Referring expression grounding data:
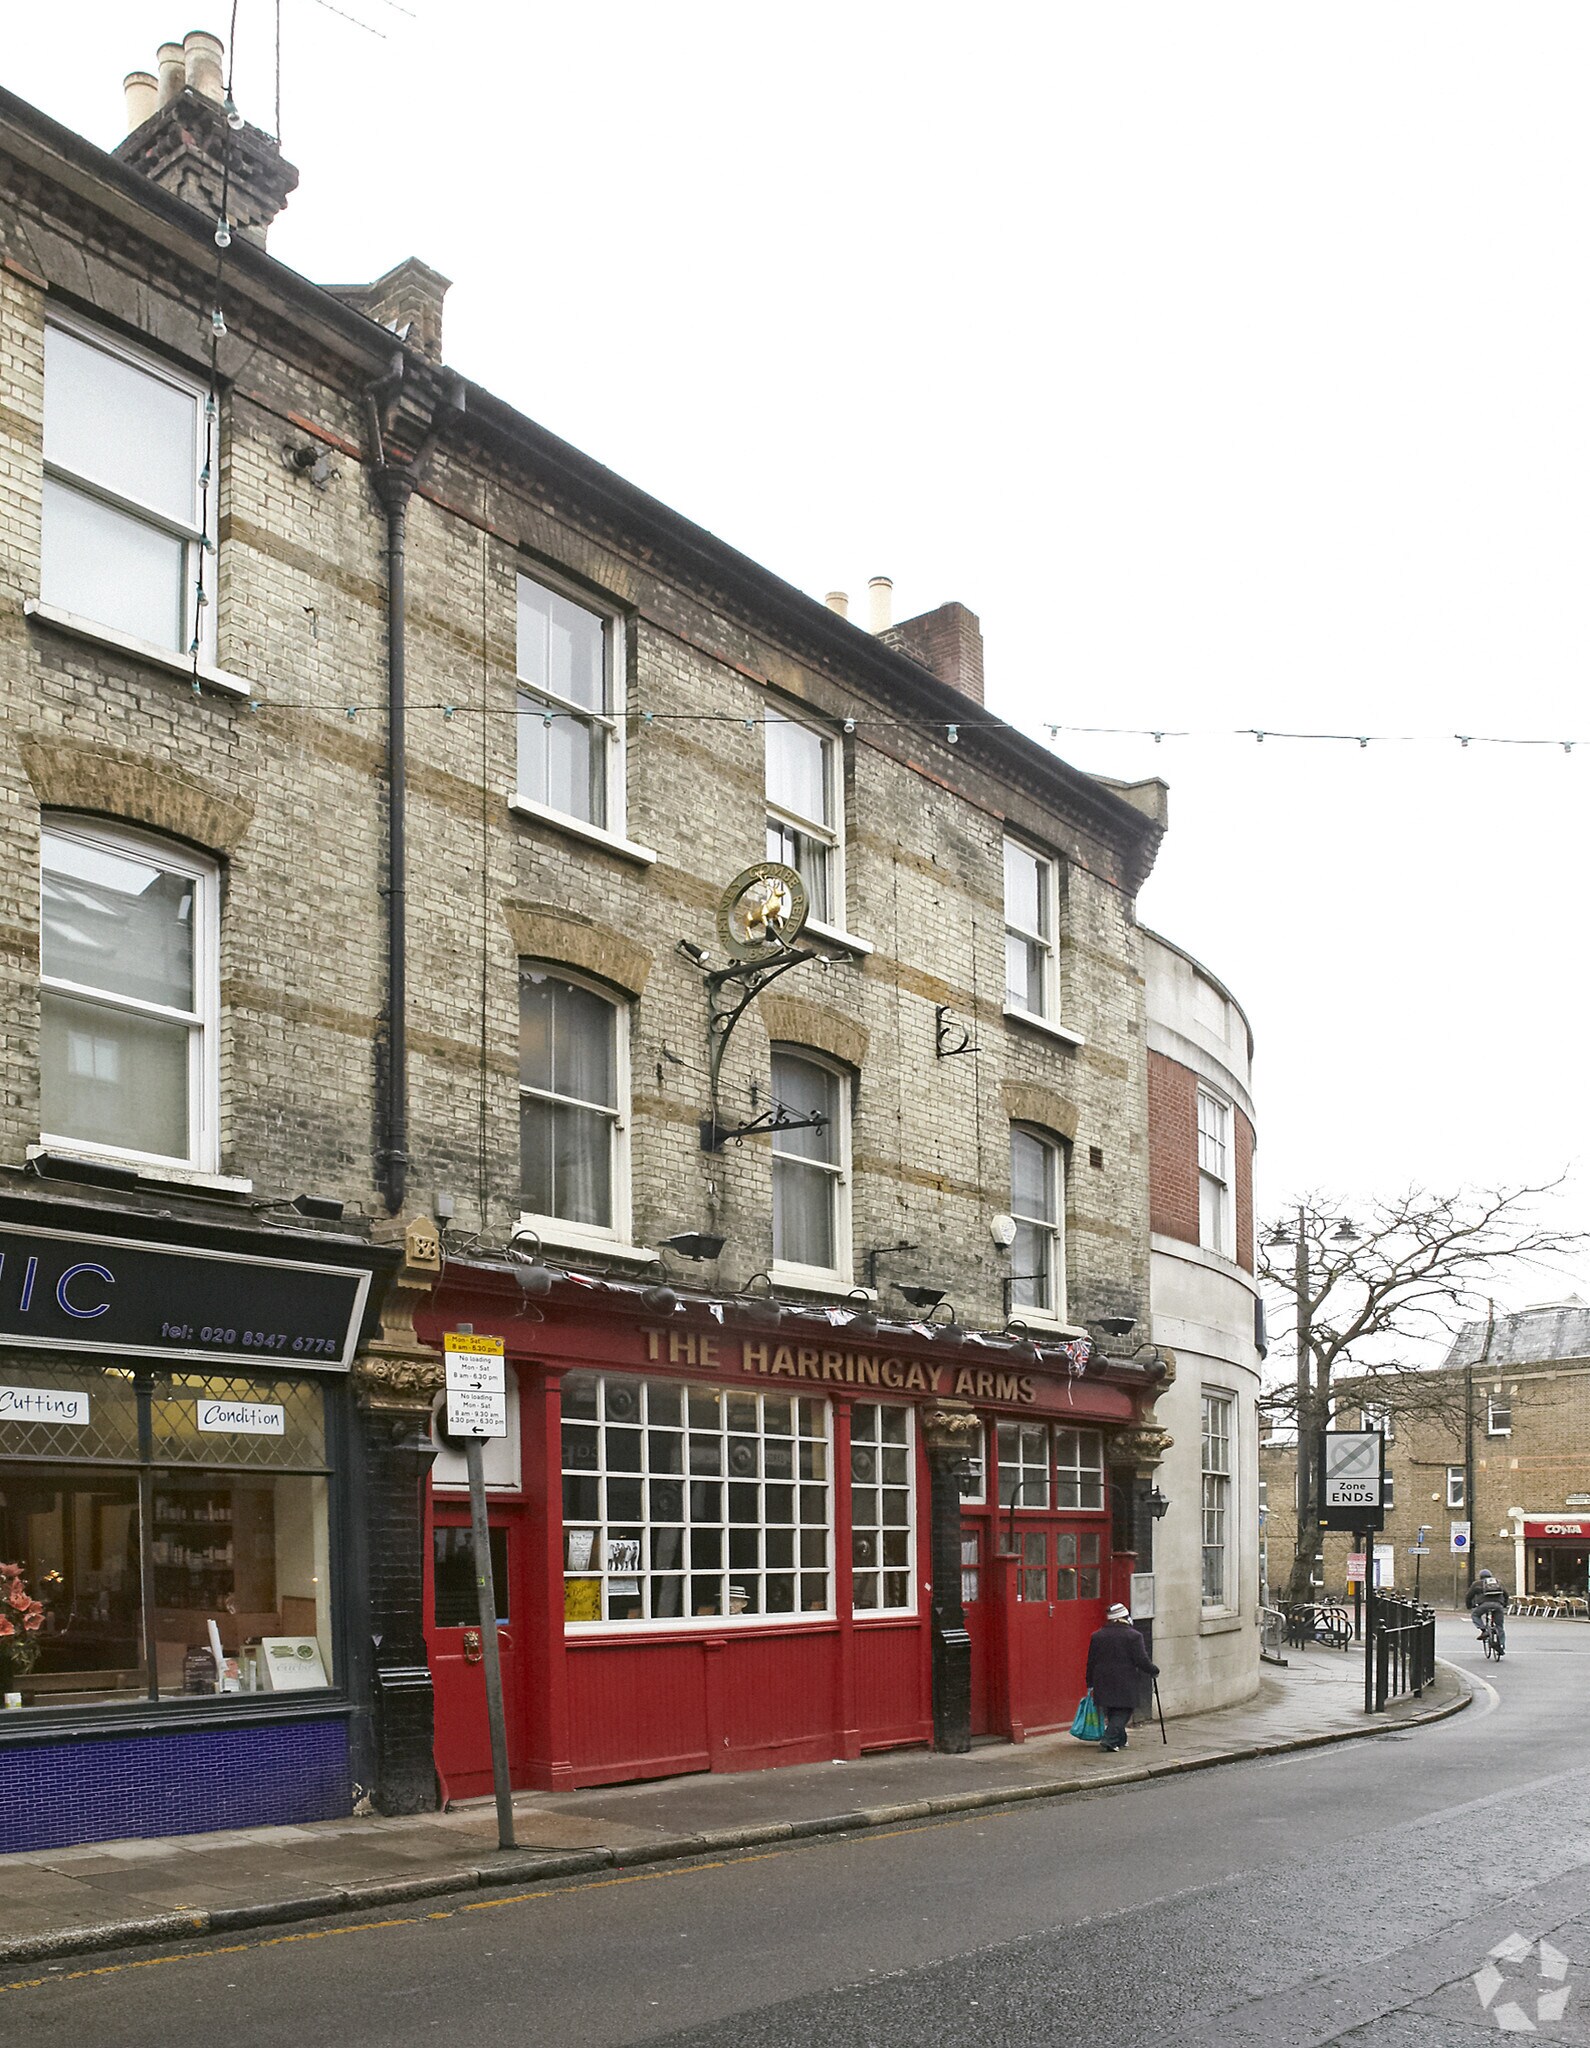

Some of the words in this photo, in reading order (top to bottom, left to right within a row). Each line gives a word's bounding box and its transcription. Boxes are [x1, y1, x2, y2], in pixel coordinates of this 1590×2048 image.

[749, 863, 800, 890] COMBE
[786, 895, 804, 934] REID
[0, 1253, 116, 1319] IC
[160, 1322, 194, 1340] tel:
[200, 1326, 238, 1345] 020
[242, 1331, 287, 1350] 8347
[292, 1336, 337, 1355] 6775
[640, 1325, 721, 1368] THE
[742, 1339, 944, 1393] HARRINGAY
[954, 1366, 1039, 1406] ARMS
[0, 1391, 78, 1418] Cutting
[204, 1404, 280, 1427] Condition
[1332, 1492, 1374, 1502] ENDS
[1340, 1482, 1366, 1490] Zone
[1544, 1524, 1582, 1535] COSTA

* **DIRECTIONS**:
Every record is to be reproduced exactly, with no pictures included.

* **COMPLETED TASK**:
Some of the words in this photo, in reading order (top to bottom, left to right within a row). Each line gives a word's bounding box and its transcription. Boxes are [x1, y1, x2, y2], in pixel coordinates of this 1590×2048 image.

[749, 863, 800, 890] COMBE
[786, 895, 804, 934] REID
[0, 1253, 116, 1319] IC
[160, 1322, 194, 1340] tel:
[200, 1326, 238, 1345] 020
[242, 1331, 287, 1350] 8347
[292, 1336, 337, 1355] 6775
[640, 1325, 721, 1368] THE
[742, 1339, 944, 1393] HARRINGAY
[954, 1366, 1039, 1406] ARMS
[0, 1391, 78, 1418] Cutting
[204, 1404, 280, 1427] Condition
[1332, 1492, 1374, 1502] ENDS
[1340, 1482, 1366, 1490] Zone
[1544, 1524, 1582, 1535] COSTA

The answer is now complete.